Sunday, August 05, 2007

I Swear That Next Door's Cat Wants Me Dead

Next door's cat wants me dead. This bandy-legged contraption goes by the name of Harvey and has a habit of wiping its arse on the lawn. When its owners aren't busily banging one bit of wall into another bit of wall using tinfoil for nails and string for glue outside my bedroom window at the crack of dawn, this cat will be waiting outside to stare me in the eye before waddling off like it's got a gun or a flick-knife or at least a nugget of murderous intent hidden in there somewhere.

The other night I opened the back door to put out the milk bottles (Domesticity Alert: milk is delivered to the house daily) when the cat popped out of its flap for the sole purpose of delivering me a hate-filled yellow-eyed glare. I took this as a warning; an I see you, human! type warning.

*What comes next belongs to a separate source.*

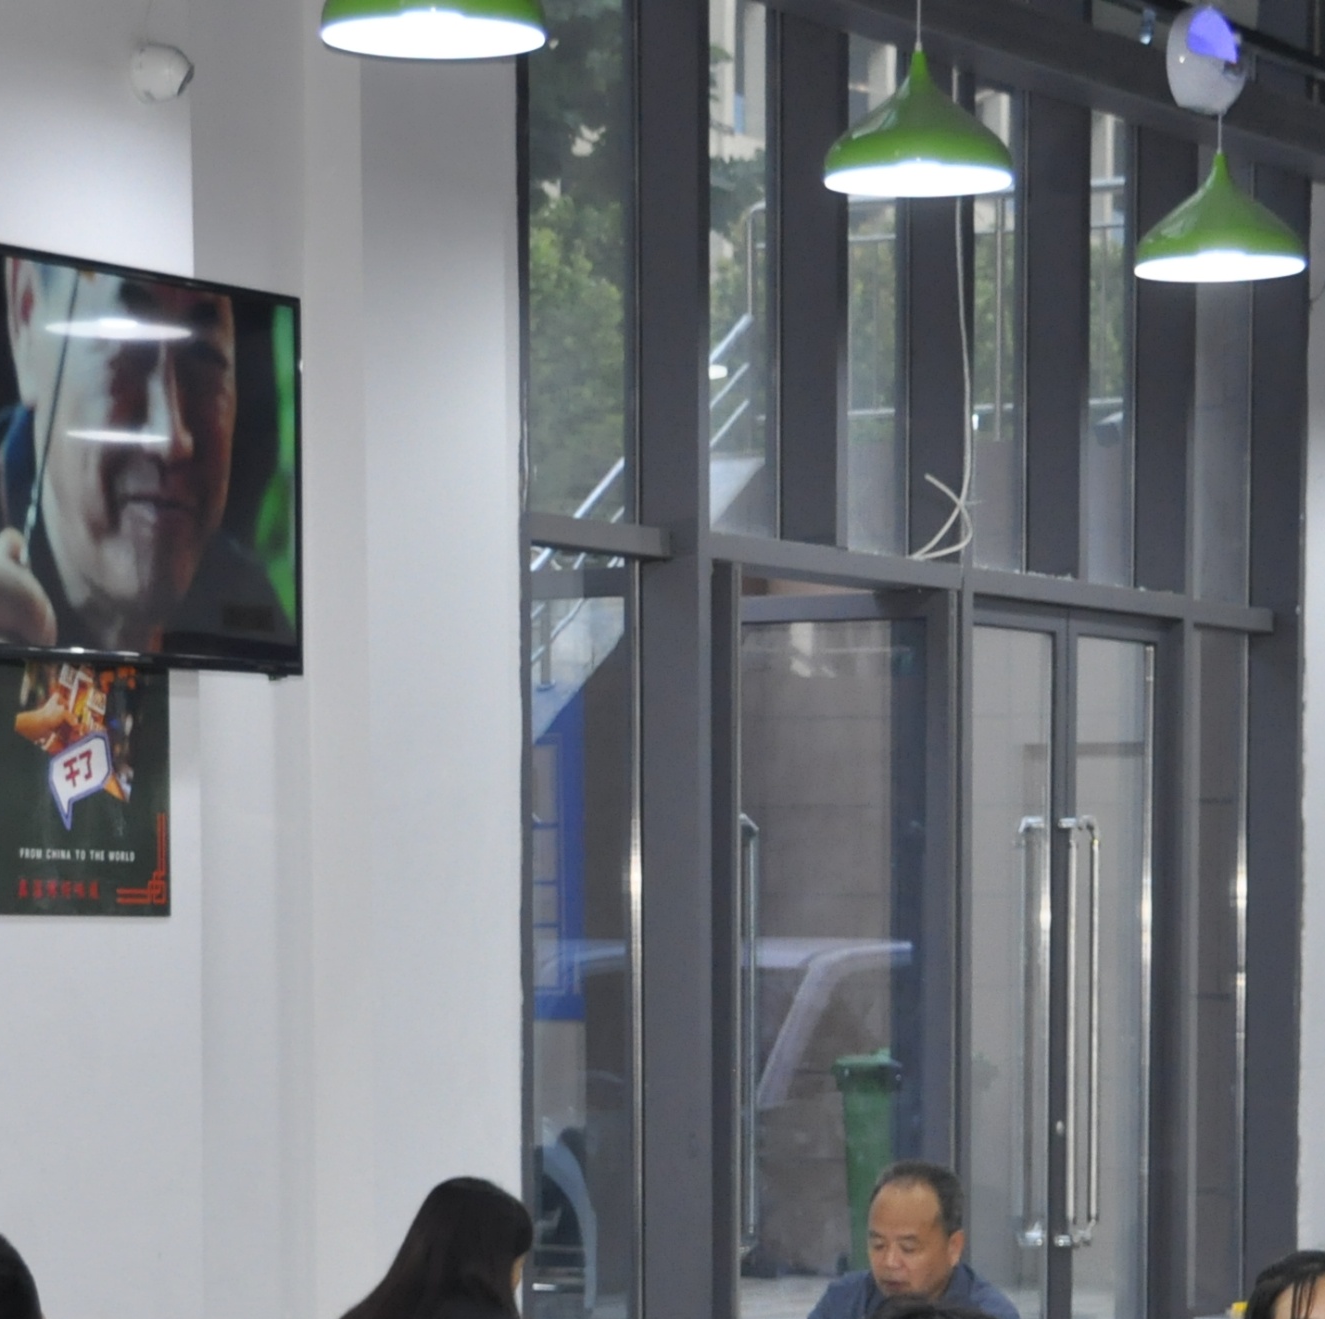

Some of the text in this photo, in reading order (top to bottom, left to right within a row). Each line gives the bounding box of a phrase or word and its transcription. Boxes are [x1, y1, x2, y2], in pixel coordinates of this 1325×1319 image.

[19, 847, 135, 863] FROM CHINA TO THE WORLD

Okay, now let me enthuse about the book Darkmans by Nicola Barker that I read a month or two ago. It's an 800-page comic novel set in Ashford in Kent, about various people, some of whom are being haunted or maybe possessed by a mediaeval court jester. Forget all that. It's just very clever and very funny. Here's a bit that made me bellow with laughter on the train. Gaffar, who is Kurdish and speaks half in turkish and half in english (the typeface changes accordingly), is describing an acquaintance to Beede:

'She's trapped in a suffocating marriage,' Gaffar sighed, gazing poignantly after her. 'Separate bedrooms. Her son died last year. She blames herself for the whole thing because she was having an affair. Her husband's an insensitive pig who has no understanding of her needs. He's obsessed by this African macaw which he got from an Exotic Bird Rescue Centre in Canterbury. He's taught it all the phrases from Top Gear. Sleeps with it. Takes it to work. Rings it - whenever he goes out - and leaves these idiotic messages on the answerphone ...'

A couple of pages later, Gaffar has collapsed in the cheese aisle at the supermarket because he has a morbid fear of salad. A woman who works at the supermarket is checking he's okay:

      'And where do you live now, Gaffar?'
'Now?'
'Yes.'
'Here.'
Gaffar pointed down the cheese aisle.
  'He lives on the cheese aisle,' Beede said, 'apparently.'
'I am love of cheese,' Gaffar confirmed.
      Susan Pope nodded, slowly.

(And since you ask, the paragraph indenting above is as it appears in the book. That's another amusing or annoying thing about it.)